In the second stanza I like how the word "shopping" connects the two lines there, being shared between the "families shopping" and "shopping aisles", equally forming two meaningful combinations. There is also meta meaning in it as it is shopping as a process, not as a word, that leads people to aisles in real life.
The geometry of the poem is also nice: not too symmetrical but also not shaky with the counterpoising balanced beams of "families" and "avocados". Poem's "body" has a non-trivial shape resembling a comma, straight for most of its length but curving left at the end. Again an odd meta feeling here: with not a single comma in the whole poem it's still basically a list of independent words, each of them could be followed by one - so forming together a giant comma, they unexpectedly make sense.
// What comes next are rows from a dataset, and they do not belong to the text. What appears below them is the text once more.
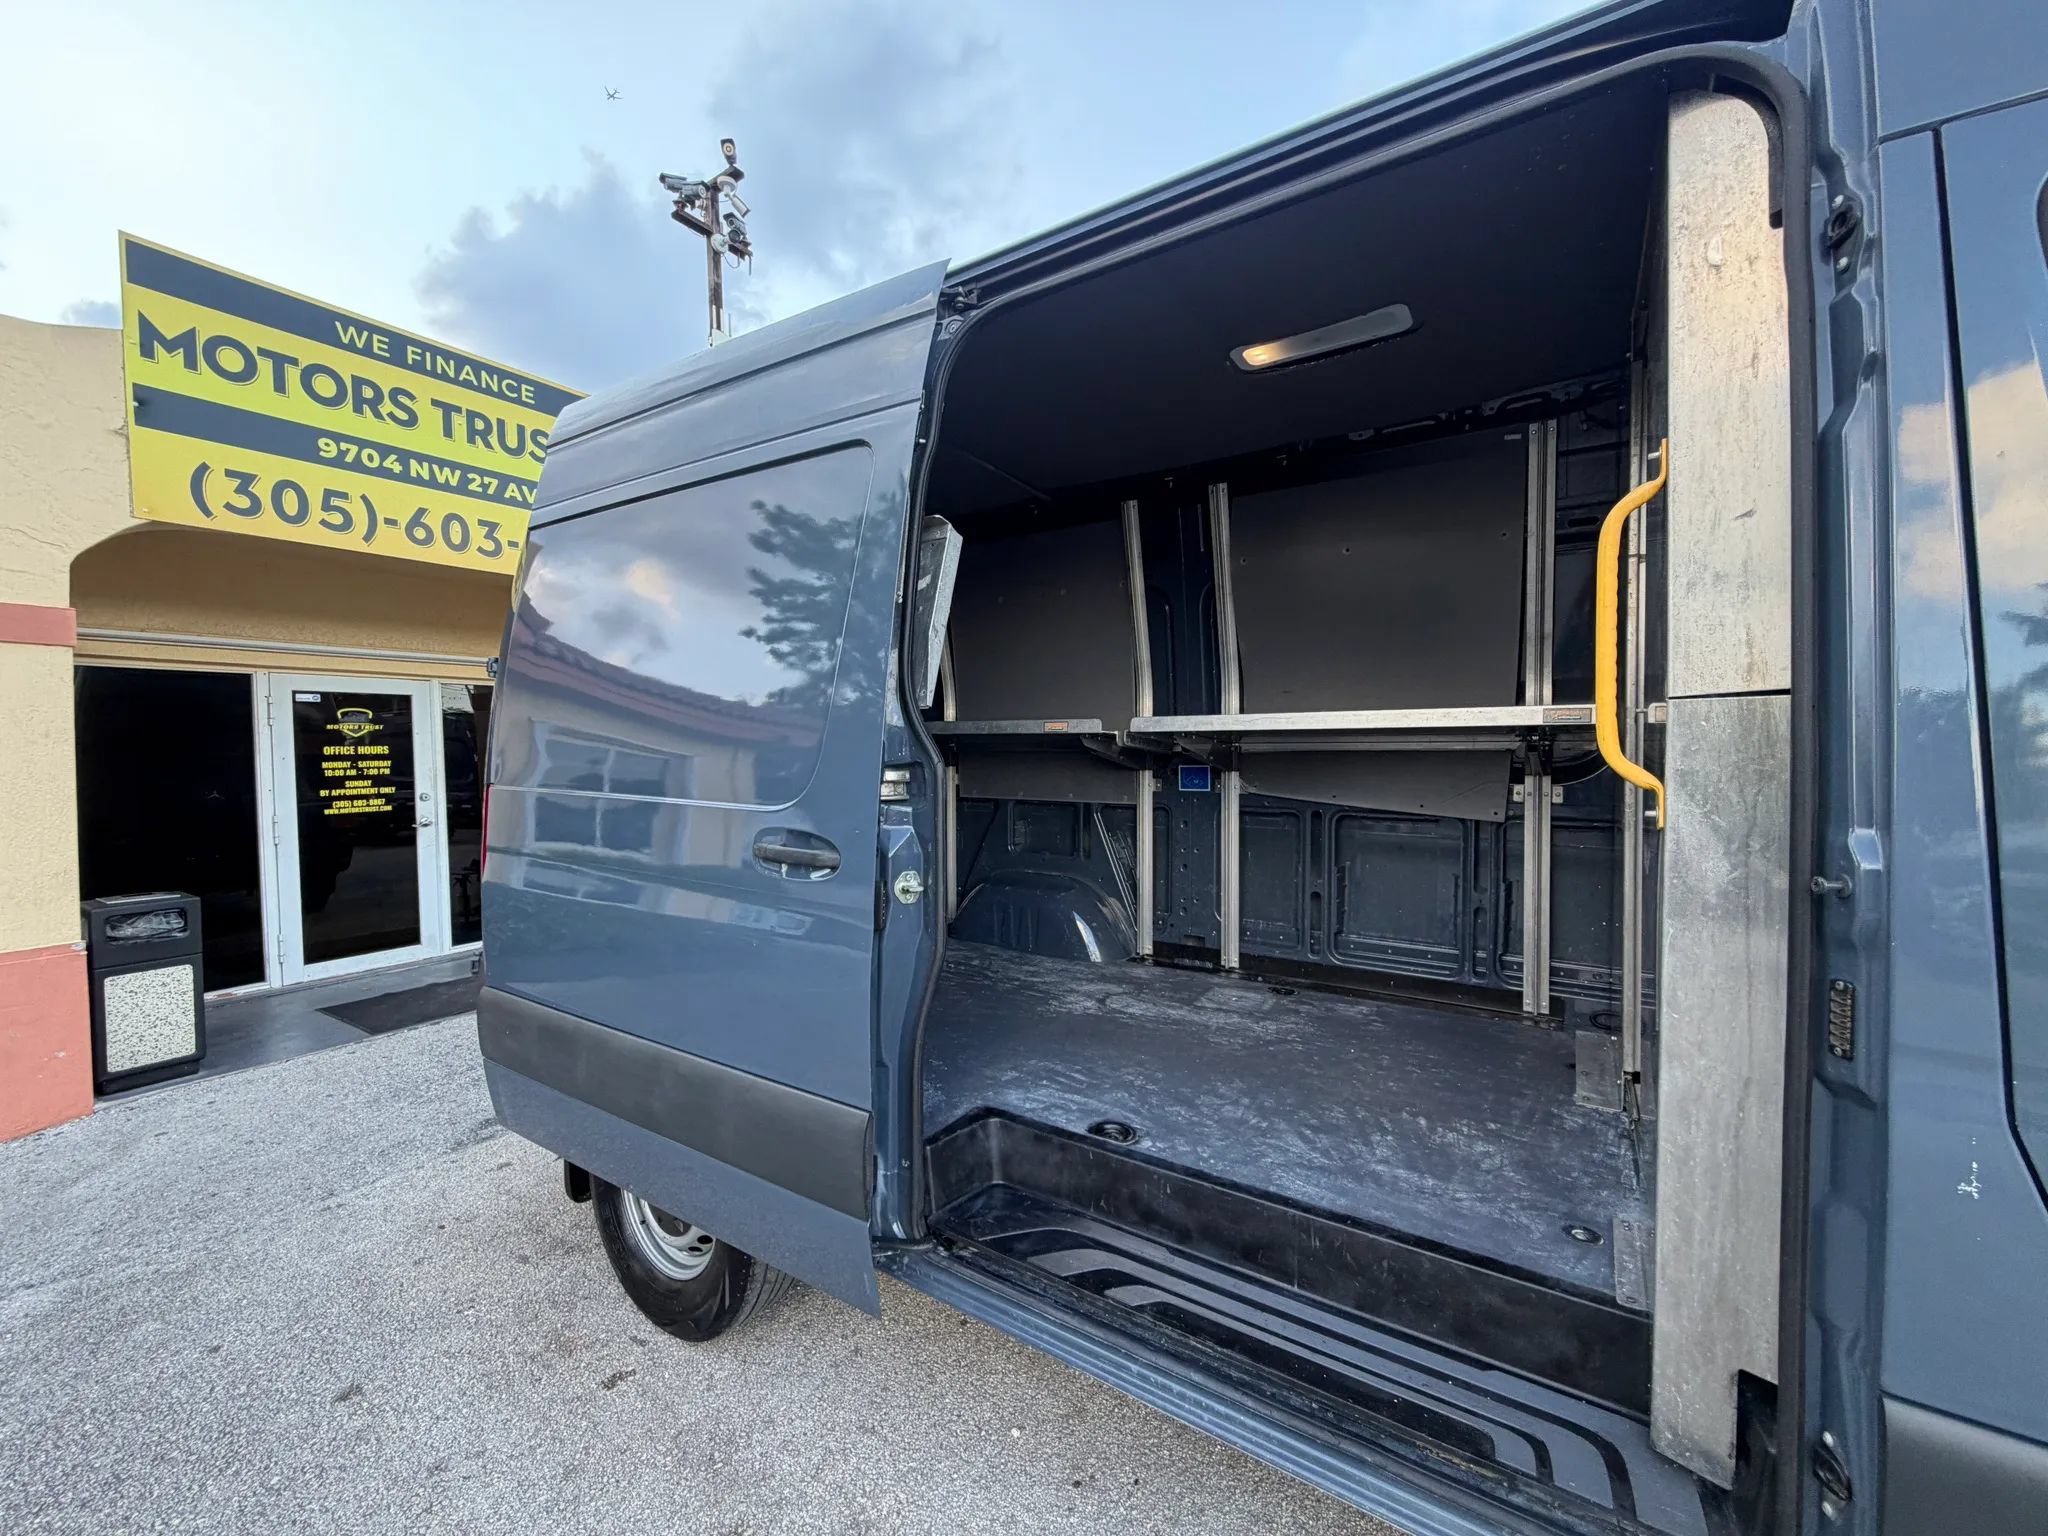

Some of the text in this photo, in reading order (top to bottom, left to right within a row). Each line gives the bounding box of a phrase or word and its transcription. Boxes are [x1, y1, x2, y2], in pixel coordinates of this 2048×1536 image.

[334, 320, 536, 405] WE FINANCE
[137, 309, 549, 466] MOTORS TRUS
[316, 437, 404, 475] 9704
[408, 458, 462, 488] NW
[467, 472, 500, 496] 27
[323, 745, 390, 755] OFFICE HOURS
[321, 761, 351, 769] MONDAY
[357, 760, 392, 768] SATURDAY
[324, 769, 345, 777] 10:00
[379, 767, 391, 775] PM
[344, 780, 372, 788] SUNDAY
[331, 787, 378, 796] APPOINTMENT
[379, 786, 396, 794] ONLY
[332, 800, 352, 809] (305)
But arguably the main purpose of any poem like this is to provoke thoughts on the context defined the spine phrase or name, to shed some light from an unusual angle and to admire the fanciful shadows it forms. Well, it did make me think of Walt Whitman, his poetry and his followers like Allen Ginsberg lost in the supermarket. It wasn't a single distinctive and clear idea, or I’d say not a problem which became clear to me. It was rather lots of unshaped thoughts and emotions, quick associations appearing instantly to burst into new ones like fireworks - bright, enjoyable and unstable.
Much like what I feel when I listen to music, only this time that was a music of "raw" words, instruments for which I have chosen for the band of the mesostic myself.